[MD] Static latching & faith

Scott Roberts jse885 at localnet.com
Wed Apr 26 13:49:41 PDT 2006


Joe,

Joe said:
IMO language games require rules. I do not think that Wikipedia is a good
umpire. For mathematics, and the physical sciences Gravity has been a better
umpire.

Scott:
? What does gravity have to do with mathematics? In any case, I see 
philosophy as a matter of arguing over umpires, which is to say that nothing 
is a priori a good or bad umpire.

Joe said:
IMO at one point you chose L of CI (Logic of Contradictory Identity) as an
umpire. IMO one fork of that trident was empirical. If only one fork of the
MOQ is empirical, can the whole MOQ be called empirical by analogy, if a
trident is a real umpire? If the Metaphysics of DQ/SQ, where SQ is
apprehended mystically, implies that the mystical component is material,
then IMO the MOQ is empirical, and a good umpire.  To hold the mystical
apart from the material, hinders evolution.

Scott:
I choose the LCI as a way to keep from falling off the Middle Way.

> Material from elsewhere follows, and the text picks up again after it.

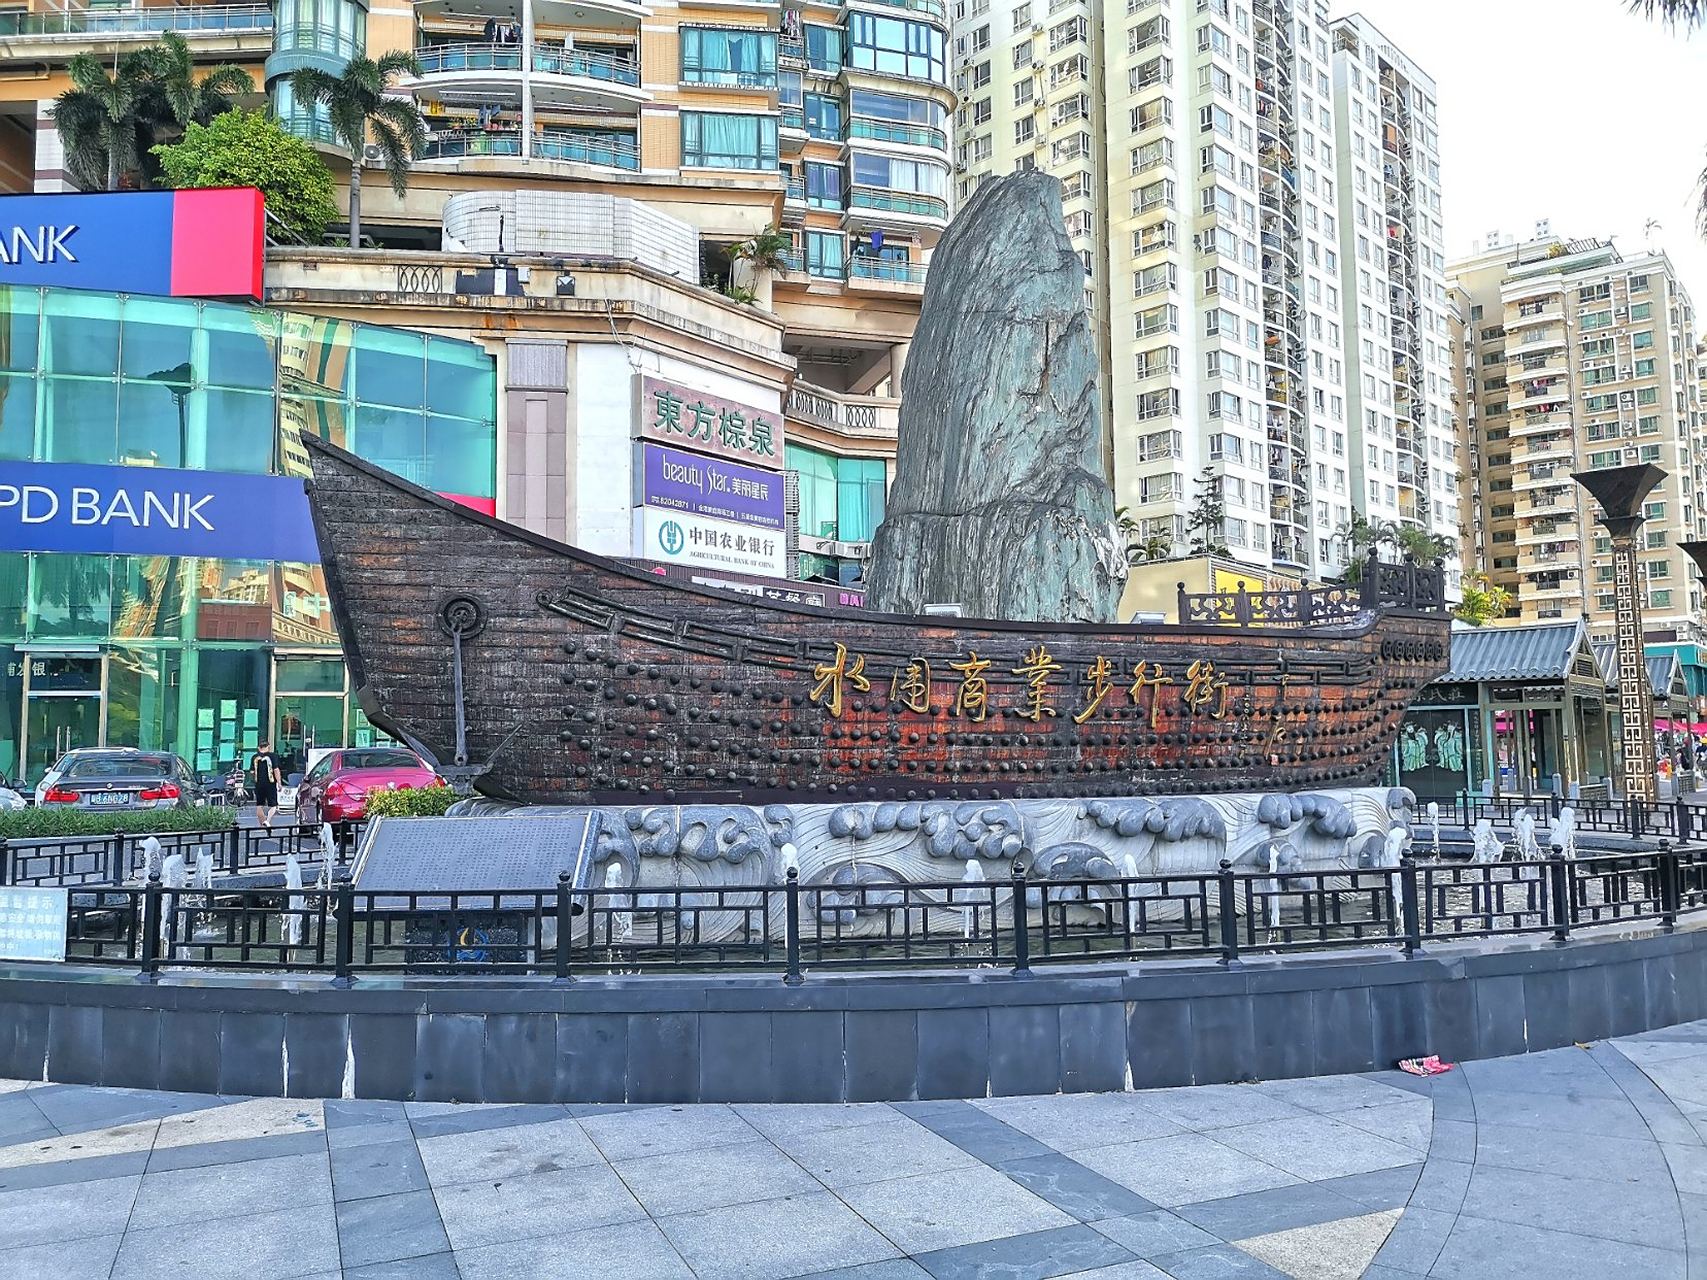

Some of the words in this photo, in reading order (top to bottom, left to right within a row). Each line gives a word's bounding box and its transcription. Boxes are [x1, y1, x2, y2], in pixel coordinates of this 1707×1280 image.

That is 
an umpire of sorts, I suppose. Mainly, though, it is warning about fixating 
on understandable umpires. In any case, I think your concerns are irrelevant 
to the question. We have no great difficulty in distinguishing empirical 
theories from non-empirical ones if we stick to the traditional meaning of 
'empirical'. But look at what you have just written. Mystical? material? 
Holding them apart? Or not? When have we done one or the other? What does it 
mean to "apprehend mystically"? And so forth. All these have to be 
understood before we can even get to the "is it empirical" question.

Evolution is hindered if one does that which Wilber (and most of us here) 
considers a crime: to ignore the transcendental. Calling the transcendental 
the empirical just adds a red herring.